━━━━━ Exercise data ━━━━━
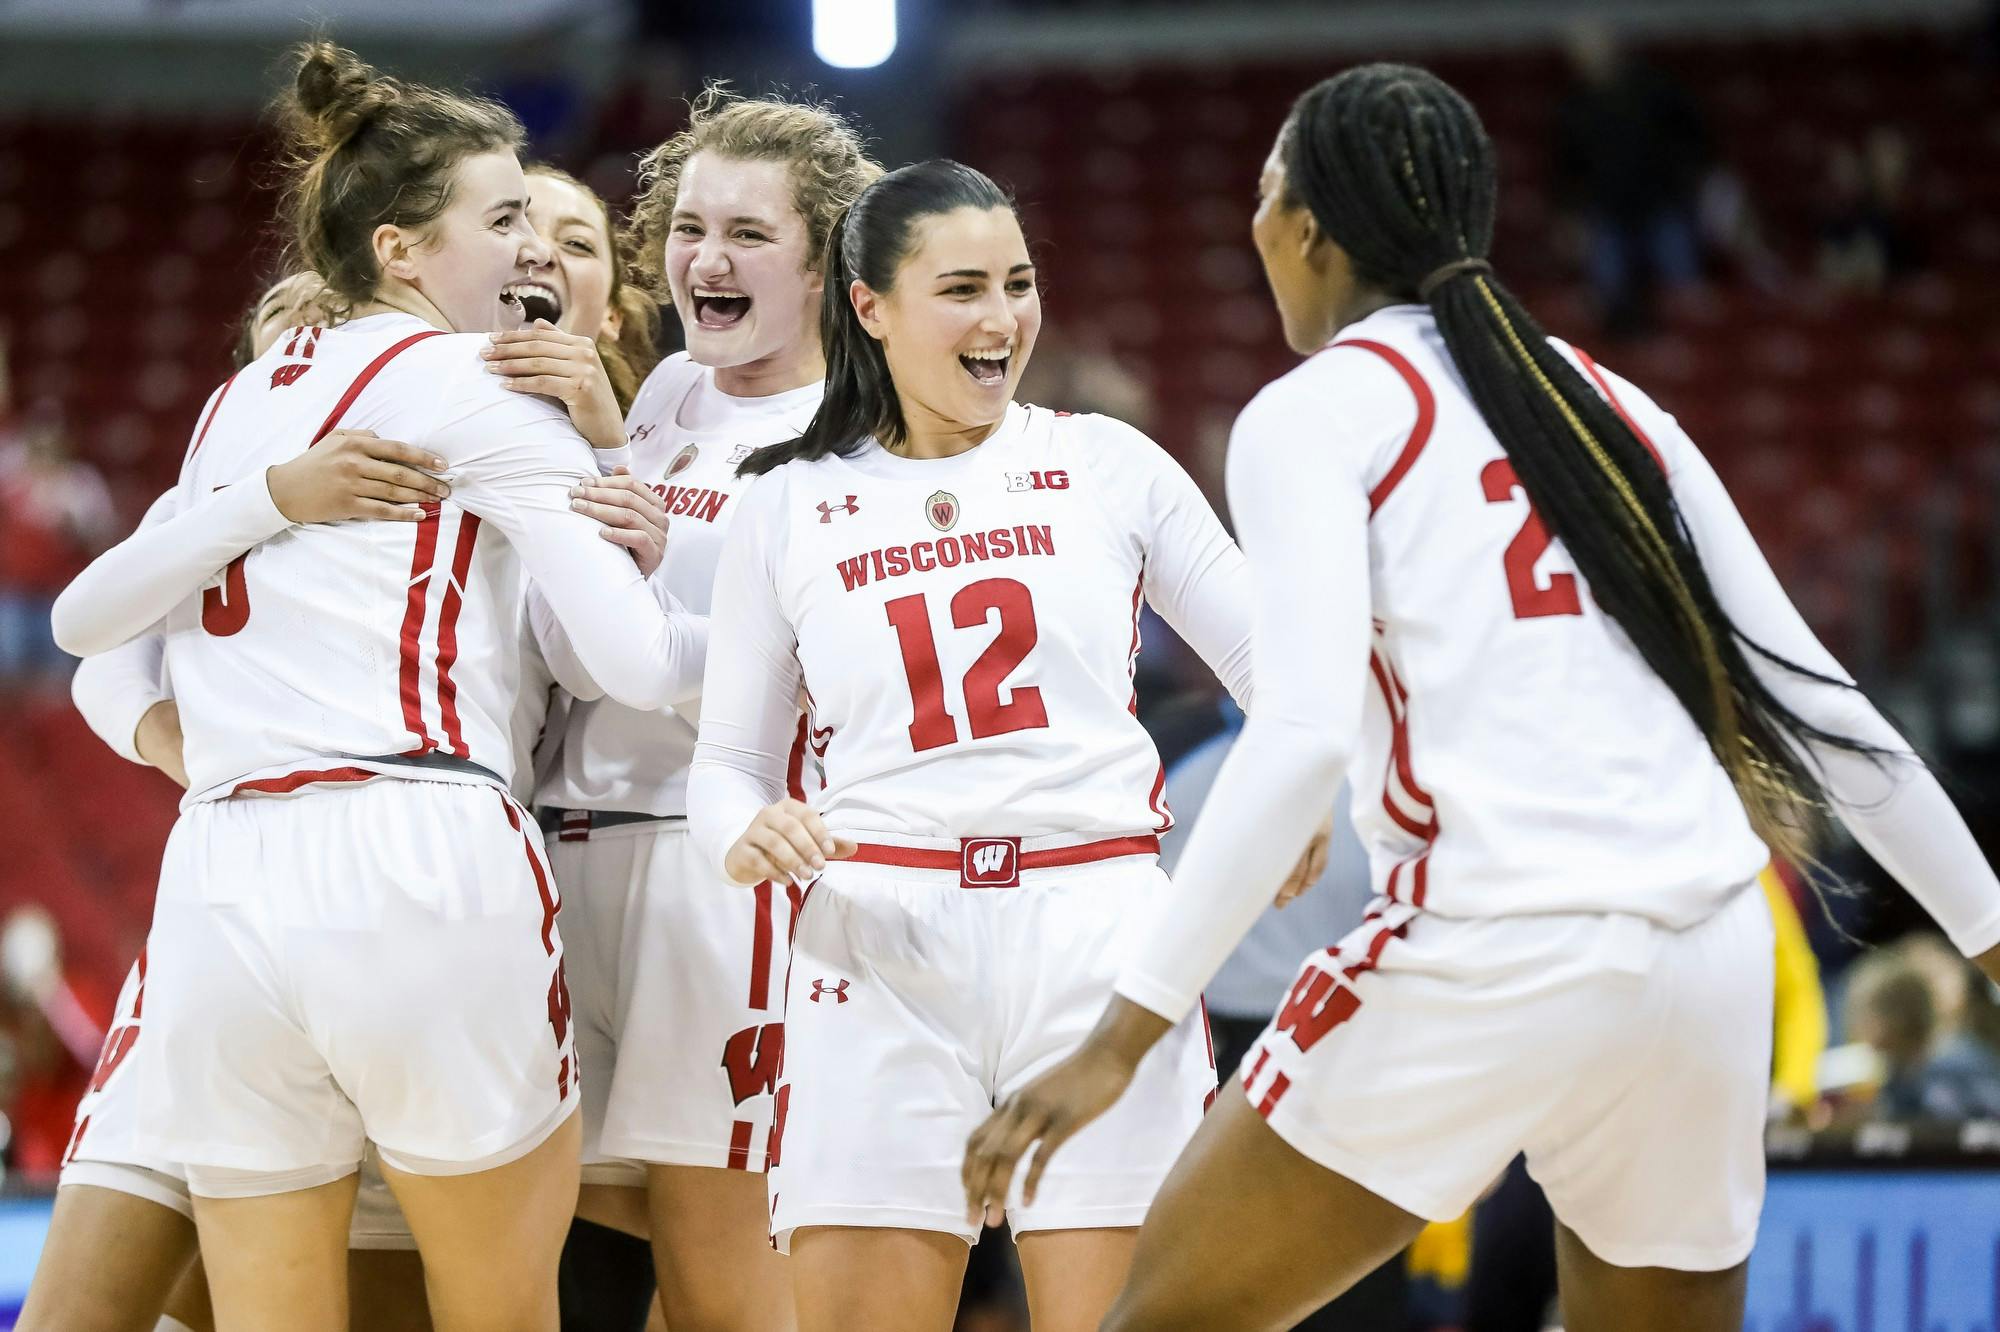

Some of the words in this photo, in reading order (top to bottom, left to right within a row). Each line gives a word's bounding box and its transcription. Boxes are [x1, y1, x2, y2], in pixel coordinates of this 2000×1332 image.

[836, 525, 1056, 593] WISCONSIN
[884, 577, 1050, 752] 12
[972, 844, 1009, 877] W
[1276, 965, 1362, 1053] W
━━━━━
» Exercise objective:
Every last line above must be reproduced as written, and no pictures belong in the copy.

» Answer section:
Some of the words in this photo, in reading order (top to bottom, left to right within a row). Each line gives a word's bounding box and its transcription. Boxes are [x1, y1, x2, y2], in pixel coordinates of this 2000×1332 image.

[836, 525, 1056, 593] WISCONSIN
[884, 577, 1050, 752] 12
[972, 844, 1009, 877] W
[1276, 965, 1362, 1053] W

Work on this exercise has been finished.